======== Data supplied

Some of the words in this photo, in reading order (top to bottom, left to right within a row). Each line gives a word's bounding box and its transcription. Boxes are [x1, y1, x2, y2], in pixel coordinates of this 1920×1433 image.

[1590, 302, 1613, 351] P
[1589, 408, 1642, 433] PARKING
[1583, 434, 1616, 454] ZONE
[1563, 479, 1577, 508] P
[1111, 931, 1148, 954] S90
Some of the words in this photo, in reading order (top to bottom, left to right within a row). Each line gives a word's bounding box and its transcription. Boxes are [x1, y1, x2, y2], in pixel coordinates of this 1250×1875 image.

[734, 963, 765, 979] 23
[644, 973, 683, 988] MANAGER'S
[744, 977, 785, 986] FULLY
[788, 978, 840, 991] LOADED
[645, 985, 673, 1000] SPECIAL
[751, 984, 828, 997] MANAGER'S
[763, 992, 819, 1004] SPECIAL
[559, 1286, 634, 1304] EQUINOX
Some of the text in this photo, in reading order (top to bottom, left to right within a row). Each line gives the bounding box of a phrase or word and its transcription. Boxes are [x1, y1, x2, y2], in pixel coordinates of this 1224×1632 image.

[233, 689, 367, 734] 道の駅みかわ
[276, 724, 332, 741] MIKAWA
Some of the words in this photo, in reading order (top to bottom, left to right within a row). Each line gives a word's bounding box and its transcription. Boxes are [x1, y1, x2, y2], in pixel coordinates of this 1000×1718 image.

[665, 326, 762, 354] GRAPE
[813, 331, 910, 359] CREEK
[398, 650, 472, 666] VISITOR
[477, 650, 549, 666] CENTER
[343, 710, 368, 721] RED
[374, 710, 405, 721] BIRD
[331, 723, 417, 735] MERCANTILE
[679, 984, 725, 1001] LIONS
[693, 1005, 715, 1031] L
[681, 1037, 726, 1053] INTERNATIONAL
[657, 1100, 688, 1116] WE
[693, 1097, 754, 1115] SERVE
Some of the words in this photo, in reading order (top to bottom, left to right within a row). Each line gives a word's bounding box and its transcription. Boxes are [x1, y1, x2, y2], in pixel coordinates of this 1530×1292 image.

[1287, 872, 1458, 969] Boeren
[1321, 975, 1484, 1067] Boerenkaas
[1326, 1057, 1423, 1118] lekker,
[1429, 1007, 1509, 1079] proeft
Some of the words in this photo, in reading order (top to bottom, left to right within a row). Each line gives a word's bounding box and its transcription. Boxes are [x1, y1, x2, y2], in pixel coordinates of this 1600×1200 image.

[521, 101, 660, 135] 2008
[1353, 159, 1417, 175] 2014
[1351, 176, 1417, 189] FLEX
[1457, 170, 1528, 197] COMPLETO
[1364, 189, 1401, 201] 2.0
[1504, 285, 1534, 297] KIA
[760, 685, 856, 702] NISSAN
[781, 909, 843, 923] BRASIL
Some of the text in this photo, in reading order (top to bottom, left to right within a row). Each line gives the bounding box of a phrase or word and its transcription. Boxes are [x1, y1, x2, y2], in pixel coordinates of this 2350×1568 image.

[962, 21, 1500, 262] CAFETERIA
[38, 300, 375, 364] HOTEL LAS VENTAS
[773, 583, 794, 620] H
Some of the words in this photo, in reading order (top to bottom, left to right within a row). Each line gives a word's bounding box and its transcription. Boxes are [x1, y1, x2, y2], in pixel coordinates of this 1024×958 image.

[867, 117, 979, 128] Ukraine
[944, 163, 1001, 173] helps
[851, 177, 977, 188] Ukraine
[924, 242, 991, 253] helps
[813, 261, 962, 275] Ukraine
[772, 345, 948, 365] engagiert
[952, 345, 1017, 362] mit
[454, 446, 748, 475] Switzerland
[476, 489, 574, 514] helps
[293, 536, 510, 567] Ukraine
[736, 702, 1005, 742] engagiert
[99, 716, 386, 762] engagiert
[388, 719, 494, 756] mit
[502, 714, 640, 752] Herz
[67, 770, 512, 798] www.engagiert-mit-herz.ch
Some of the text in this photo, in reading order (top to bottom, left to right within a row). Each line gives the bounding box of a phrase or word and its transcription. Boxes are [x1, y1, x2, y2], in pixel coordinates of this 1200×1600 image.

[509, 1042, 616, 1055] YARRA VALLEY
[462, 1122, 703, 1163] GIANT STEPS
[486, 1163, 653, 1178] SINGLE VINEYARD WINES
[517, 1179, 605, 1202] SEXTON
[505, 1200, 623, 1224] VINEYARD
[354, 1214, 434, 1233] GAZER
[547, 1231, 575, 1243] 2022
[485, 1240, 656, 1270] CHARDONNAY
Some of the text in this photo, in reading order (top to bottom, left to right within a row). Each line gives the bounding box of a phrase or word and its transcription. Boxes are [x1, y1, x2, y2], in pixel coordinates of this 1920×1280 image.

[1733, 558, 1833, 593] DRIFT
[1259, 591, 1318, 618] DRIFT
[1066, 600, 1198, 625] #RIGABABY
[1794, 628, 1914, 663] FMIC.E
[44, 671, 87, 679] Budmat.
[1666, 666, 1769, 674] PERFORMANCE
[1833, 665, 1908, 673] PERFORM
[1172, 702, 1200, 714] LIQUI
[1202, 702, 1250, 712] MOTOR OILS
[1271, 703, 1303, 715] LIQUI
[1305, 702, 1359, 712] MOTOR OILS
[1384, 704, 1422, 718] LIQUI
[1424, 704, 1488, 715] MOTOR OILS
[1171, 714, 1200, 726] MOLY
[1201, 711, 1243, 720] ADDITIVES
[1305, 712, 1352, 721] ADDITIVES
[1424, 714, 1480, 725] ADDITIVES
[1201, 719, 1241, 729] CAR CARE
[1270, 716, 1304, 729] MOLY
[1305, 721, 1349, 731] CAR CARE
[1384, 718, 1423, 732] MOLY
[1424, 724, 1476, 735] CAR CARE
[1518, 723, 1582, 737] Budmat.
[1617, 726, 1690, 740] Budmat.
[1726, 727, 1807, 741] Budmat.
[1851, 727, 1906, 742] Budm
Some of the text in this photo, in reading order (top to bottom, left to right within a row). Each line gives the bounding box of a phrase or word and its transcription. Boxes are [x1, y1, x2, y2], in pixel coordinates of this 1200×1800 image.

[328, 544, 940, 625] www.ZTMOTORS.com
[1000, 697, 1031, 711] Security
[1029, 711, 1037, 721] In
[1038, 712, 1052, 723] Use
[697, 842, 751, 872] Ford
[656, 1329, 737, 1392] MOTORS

================

● **Your instructions**
Output the full listing exactly, please.

● **Answer to the problem**
Some of the words in this photo, in reading order (top to bottom, left to right within a row). Each line gives a word's bounding box and its transcription. Boxes are [x1, y1, x2, y2], in pixel coordinates of this 1920×1433 image.

[1590, 302, 1613, 351] P
[1589, 408, 1642, 433] PARKING
[1583, 434, 1616, 454] ZONE
[1563, 479, 1577, 508] P
[1111, 931, 1148, 954] S90
Some of the words in this photo, in reading order (top to bottom, left to right within a row). Each line gives a word's bounding box and its transcription. Boxes are [x1, y1, x2, y2], in pixel coordinates of this 1250×1875 image.

[734, 963, 765, 979] 23
[644, 973, 683, 988] MANAGER'S
[744, 977, 785, 986] FULLY
[788, 978, 840, 991] LOADED
[645, 985, 673, 1000] SPECIAL
[751, 984, 828, 997] MANAGER'S
[763, 992, 819, 1004] SPECIAL
[559, 1286, 634, 1304] EQUINOX
Some of the text in this photo, in reading order (top to bottom, left to right within a row). Each line gives the bounding box of a phrase or word and its transcription. Boxes are [x1, y1, x2, y2], in pixel coordinates of this 1224×1632 image.

[233, 689, 367, 734] 道の駅みかわ
[276, 724, 332, 741] MIKAWA
Some of the words in this photo, in reading order (top to bottom, left to right within a row). Each line gives a word's bounding box and its transcription. Boxes are [x1, y1, x2, y2], in pixel coordinates of this 1000×1718 image.

[665, 326, 762, 354] GRAPE
[813, 331, 910, 359] CREEK
[398, 650, 472, 666] VISITOR
[477, 650, 549, 666] CENTER
[343, 710, 368, 721] RED
[374, 710, 405, 721] BIRD
[331, 723, 417, 735] MERCANTILE
[679, 984, 725, 1001] LIONS
[693, 1005, 715, 1031] L
[681, 1037, 726, 1053] INTERNATIONAL
[657, 1100, 688, 1116] WE
[693, 1097, 754, 1115] SERVE
Some of the words in this photo, in reading order (top to bottom, left to right within a row). Each line gives a word's bounding box and its transcription. Boxes are [x1, y1, x2, y2], in pixel coordinates of this 1530×1292 image.

[1287, 872, 1458, 969] Boeren
[1321, 975, 1484, 1067] Boerenkaas
[1326, 1057, 1423, 1118] lekker,
[1429, 1007, 1509, 1079] proeft
Some of the words in this photo, in reading order (top to bottom, left to right within a row). Each line gives a word's bounding box and its transcription. Boxes are [x1, y1, x2, y2], in pixel coordinates of this 1600×1200 image.

[521, 101, 660, 135] 2008
[1353, 159, 1417, 175] 2014
[1351, 176, 1417, 189] FLEX
[1457, 170, 1528, 197] COMPLETO
[1364, 189, 1401, 201] 2.0
[1504, 285, 1534, 297] KIA
[760, 685, 856, 702] NISSAN
[781, 909, 843, 923] BRASIL
Some of the text in this photo, in reading order (top to bottom, left to right within a row). Each line gives the bounding box of a phrase or word and its transcription. Boxes are [x1, y1, x2, y2], in pixel coordinates of this 2350×1568 image.

[962, 21, 1500, 262] CAFETERIA
[38, 300, 375, 364] HOTEL LAS VENTAS
[773, 583, 794, 620] H
Some of the words in this photo, in reading order (top to bottom, left to right within a row). Each line gives a word's bounding box and its transcription. Boxes are [x1, y1, x2, y2], in pixel coordinates of this 1024×958 image.

[867, 117, 979, 128] Ukraine
[944, 163, 1001, 173] helps
[851, 177, 977, 188] Ukraine
[924, 242, 991, 253] helps
[813, 261, 962, 275] Ukraine
[772, 345, 948, 365] engagiert
[952, 345, 1017, 362] mit
[454, 446, 748, 475] Switzerland
[476, 489, 574, 514] helps
[293, 536, 510, 567] Ukraine
[736, 702, 1005, 742] engagiert
[99, 716, 386, 762] engagiert
[388, 719, 494, 756] mit
[502, 714, 640, 752] Herz
[67, 770, 512, 798] www.engagiert-mit-herz.ch
Some of the text in this photo, in reading order (top to bottom, left to right within a row). Each line gives the bounding box of a phrase or word and its transcription. Boxes are [x1, y1, x2, y2], in pixel coordinates of this 1200×1600 image.

[509, 1042, 616, 1055] YARRA VALLEY
[462, 1122, 703, 1163] GIANT STEPS
[486, 1163, 653, 1178] SINGLE VINEYARD WINES
[517, 1179, 605, 1202] SEXTON
[505, 1200, 623, 1224] VINEYARD
[354, 1214, 434, 1233] GAZER
[547, 1231, 575, 1243] 2022
[485, 1240, 656, 1270] CHARDONNAY
Some of the text in this photo, in reading order (top to bottom, left to right within a row). Each line gives the bounding box of a phrase or word and its transcription. Boxes are [x1, y1, x2, y2], in pixel coordinates of this 1920×1280 image.

[1733, 558, 1833, 593] DRIFT
[1259, 591, 1318, 618] DRIFT
[1066, 600, 1198, 625] #RIGABABY
[1794, 628, 1914, 663] FMIC.E
[44, 671, 87, 679] Budmat.
[1666, 666, 1769, 674] PERFORMANCE
[1833, 665, 1908, 673] PERFORM
[1172, 702, 1200, 714] LIQUI
[1202, 702, 1250, 712] MOTOR OILS
[1271, 703, 1303, 715] LIQUI
[1305, 702, 1359, 712] MOTOR OILS
[1384, 704, 1422, 718] LIQUI
[1424, 704, 1488, 715] MOTOR OILS
[1171, 714, 1200, 726] MOLY
[1201, 711, 1243, 720] ADDITIVES
[1305, 712, 1352, 721] ADDITIVES
[1424, 714, 1480, 725] ADDITIVES
[1201, 719, 1241, 729] CAR CARE
[1270, 716, 1304, 729] MOLY
[1305, 721, 1349, 731] CAR CARE
[1384, 718, 1423, 732] MOLY
[1424, 724, 1476, 735] CAR CARE
[1518, 723, 1582, 737] Budmat.
[1617, 726, 1690, 740] Budmat.
[1726, 727, 1807, 741] Budmat.
[1851, 727, 1906, 742] Budm
Some of the text in this photo, in reading order (top to bottom, left to right within a row). Each line gives the bounding box of a phrase or word and its transcription. Boxes are [x1, y1, x2, y2], in pixel coordinates of this 1200×1800 image.

[328, 544, 940, 625] www.ZTMOTORS.com
[1000, 697, 1031, 711] Security
[1029, 711, 1037, 721] In
[1038, 712, 1052, 723] Use
[697, 842, 751, 872] Ford
[656, 1329, 737, 1392] MOTORS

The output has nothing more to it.